Word for word, repeat the data; no picture should appear in the result.

········

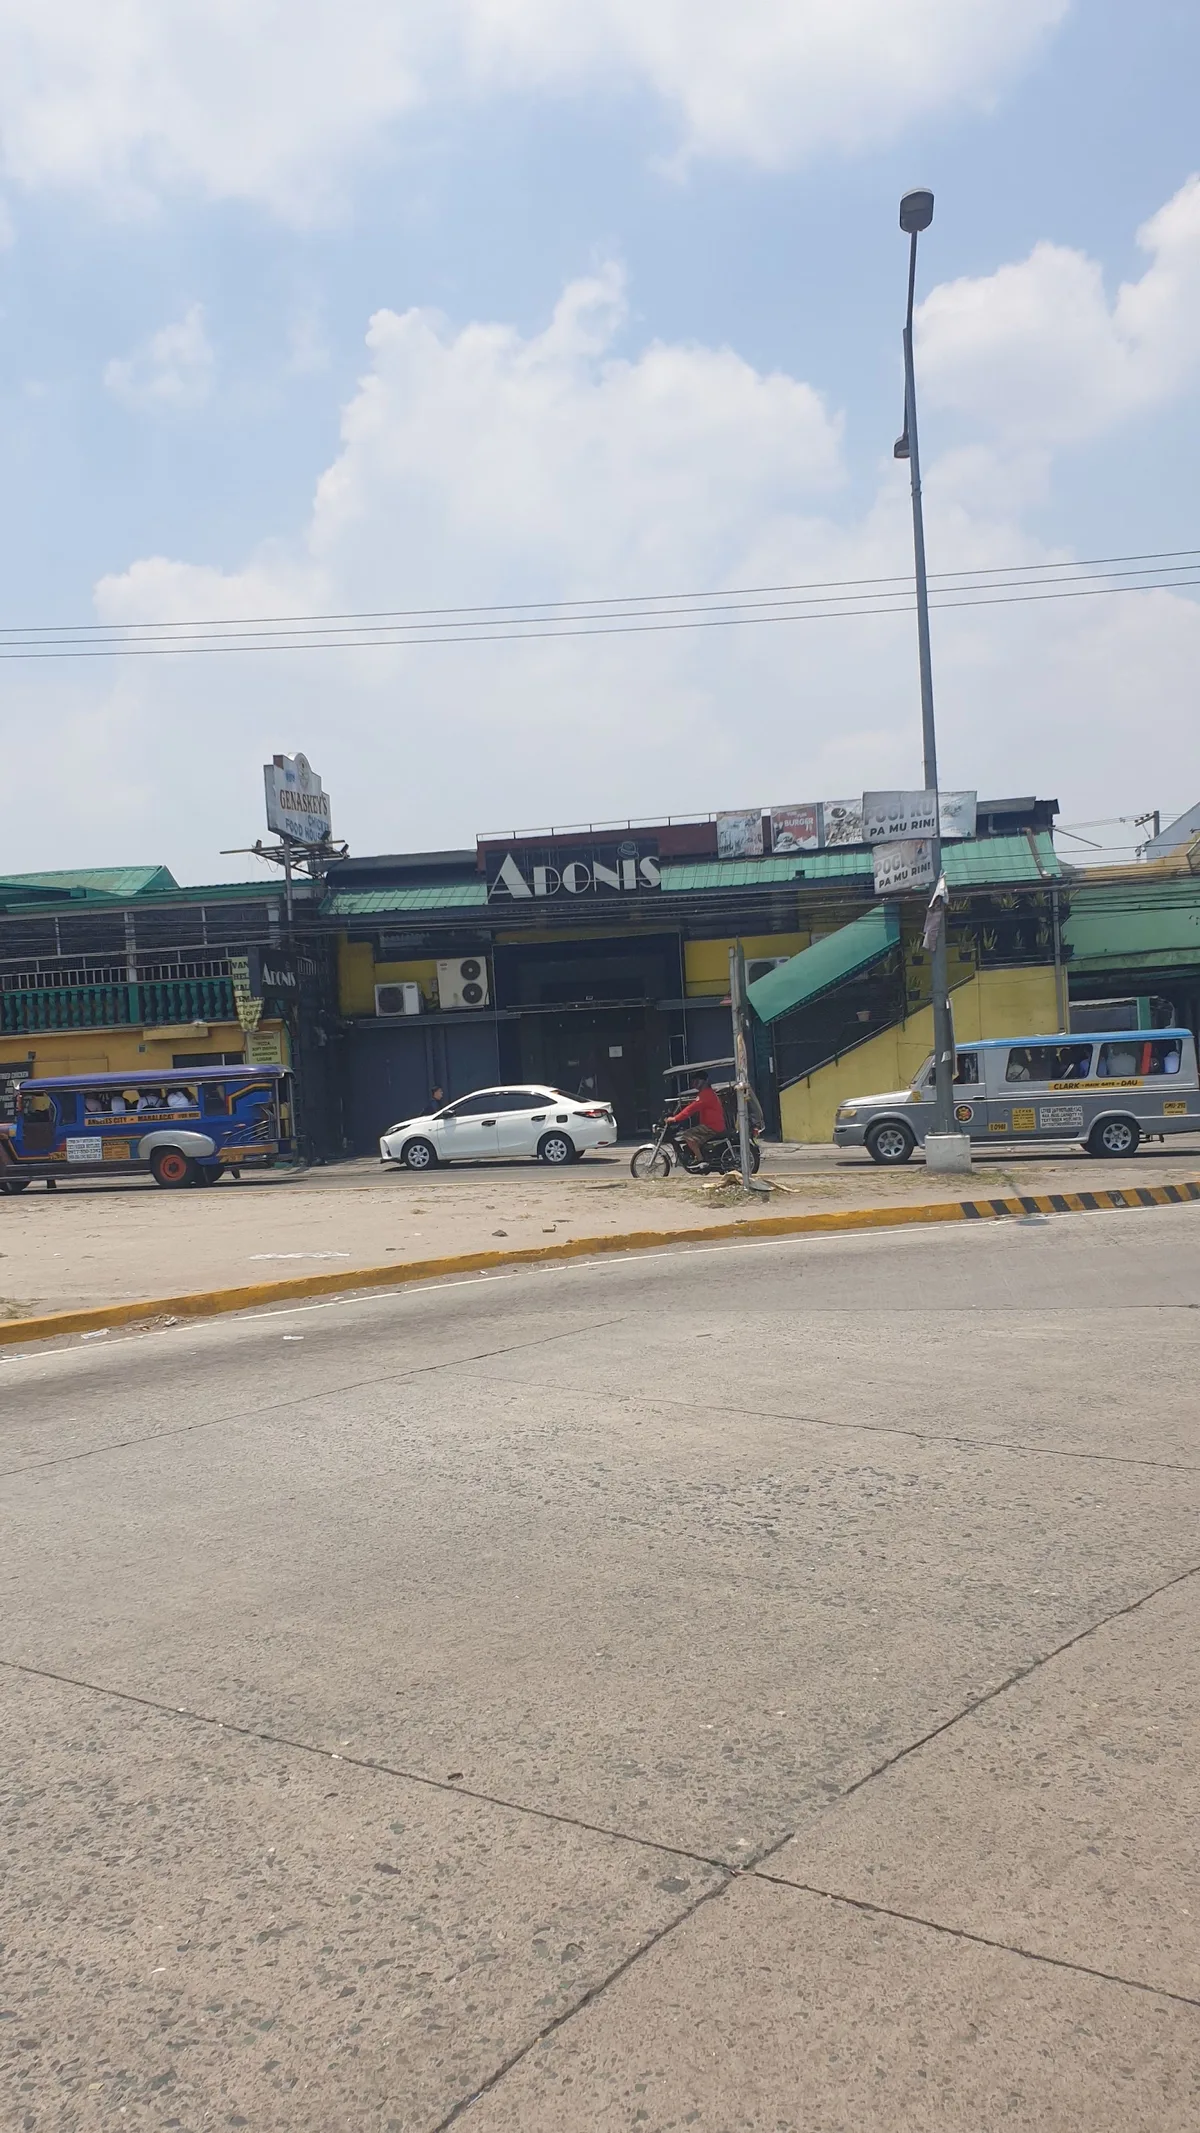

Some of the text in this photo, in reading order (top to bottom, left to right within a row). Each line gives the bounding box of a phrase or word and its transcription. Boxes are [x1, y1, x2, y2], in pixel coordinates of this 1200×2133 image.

[280, 789, 328, 815] GENASKEY'S
[285, 817, 303, 836] FOOD
[784, 817, 814, 828] BURGER
[870, 826, 885, 837] PA
[889, 822, 907, 834] MU
[911, 818, 935, 830] RIN!
[487, 852, 661, 900] ADONIS
[879, 862, 931, 889] PA MU RIN!
[262, 962, 296, 987] ADONIS
[1053, 1082, 1080, 1090] CLARK
[1120, 1079, 1138, 1087] DAU
[113, 1116, 127, 1124] CITY
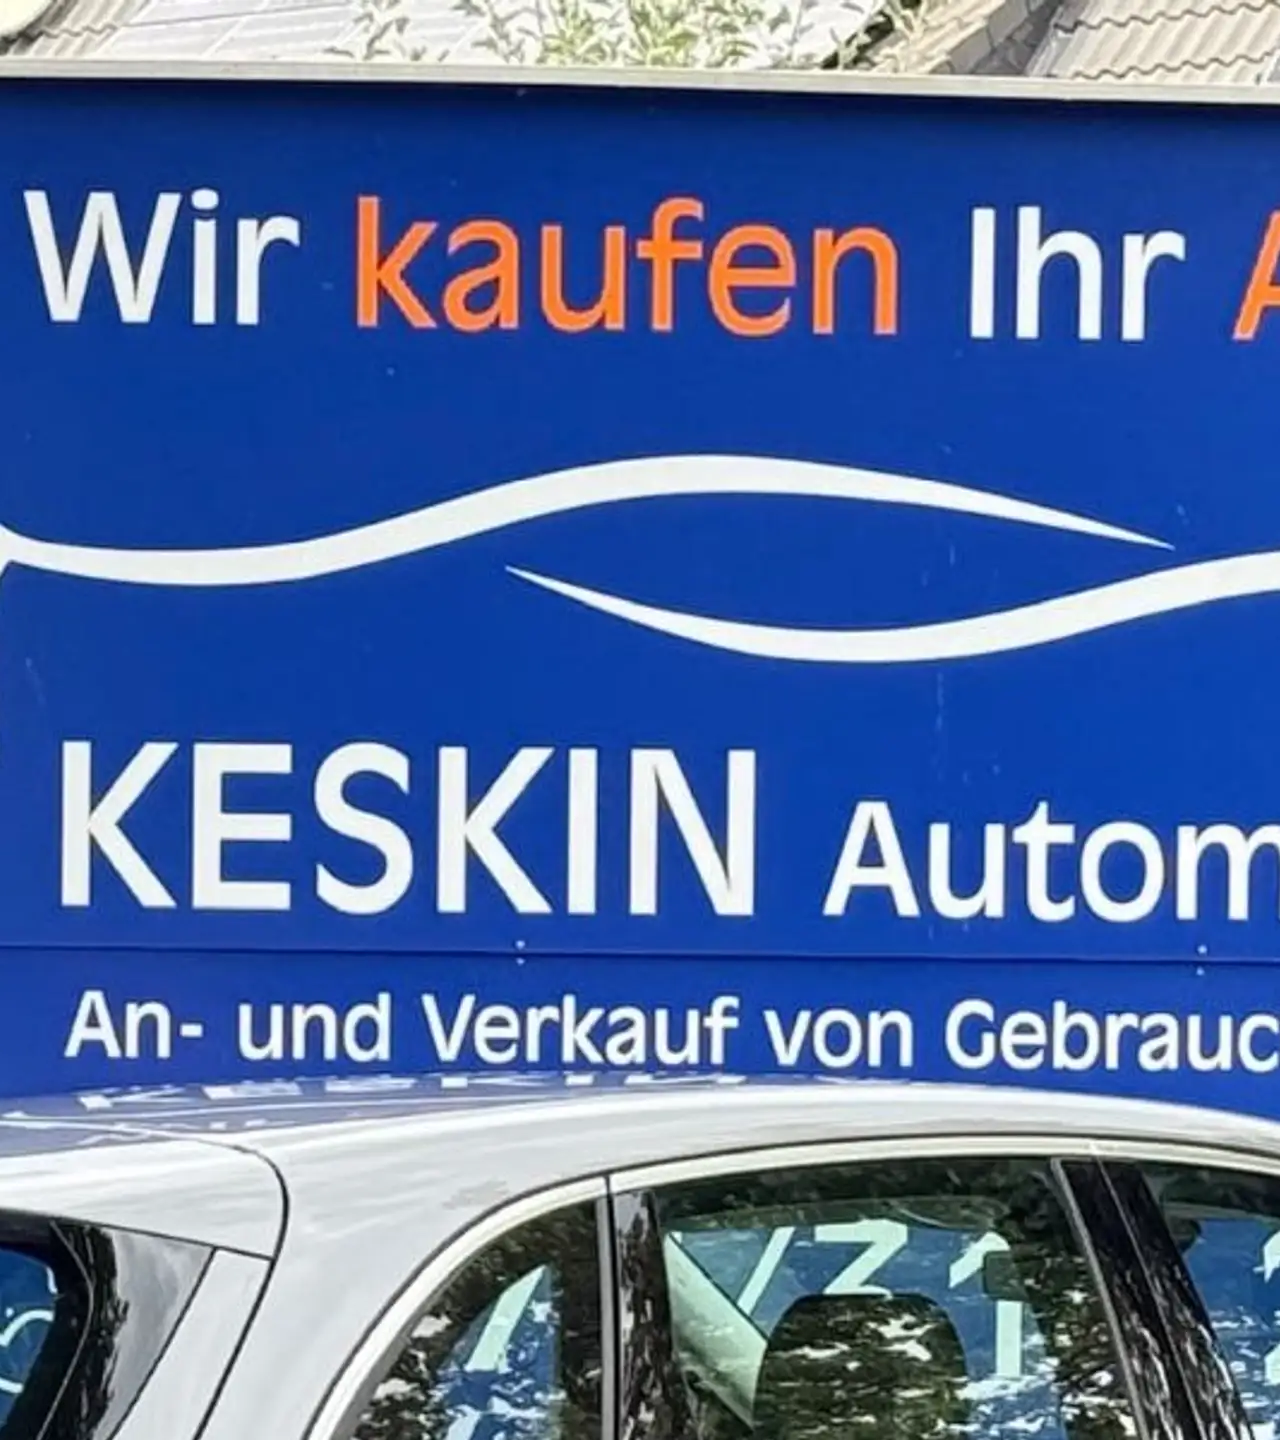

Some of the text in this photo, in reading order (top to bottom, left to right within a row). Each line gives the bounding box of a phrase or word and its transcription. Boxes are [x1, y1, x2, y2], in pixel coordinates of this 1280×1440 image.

[23, 190, 300, 325] Wir
[356, 195, 898, 338] kaufen
[970, 206, 1186, 342] Ihr
[61, 741, 756, 916] KESKIN
[64, 990, 203, 1060] An-
[238, 992, 391, 1062] und
[421, 993, 740, 1066] Verkauf
[763, 1009, 913, 1069] von

········

**Your response:**
Some of the text in this photo, in reading order (top to bottom, left to right within a row). Each line gives the bounding box of a phrase or word and its transcription. Boxes are [x1, y1, x2, y2], in pixel coordinates of this 1200×2133 image.

[280, 789, 328, 815] GENASKEY'S
[285, 817, 303, 836] FOOD
[784, 817, 814, 828] BURGER
[870, 826, 885, 837] PA
[889, 822, 907, 834] MU
[911, 818, 935, 830] RIN!
[487, 852, 661, 900] ADONIS
[879, 862, 931, 889] PA MU RIN!
[262, 962, 296, 987] ADONIS
[1053, 1082, 1080, 1090] CLARK
[1120, 1079, 1138, 1087] DAU
[113, 1116, 127, 1124] CITY

Some of the text in this photo, in reading order (top to bottom, left to right within a row). Each line gives the bounding box of a phrase or word and its transcription. Boxes are [x1, y1, x2, y2], in pixel coordinates of this 1280×1440 image.

[23, 190, 300, 325] Wir
[356, 195, 898, 338] kaufen
[970, 206, 1186, 342] Ihr
[61, 741, 756, 916] KESKIN
[64, 990, 203, 1060] An-
[238, 992, 391, 1062] und
[421, 993, 740, 1066] Verkauf
[763, 1009, 913, 1069] von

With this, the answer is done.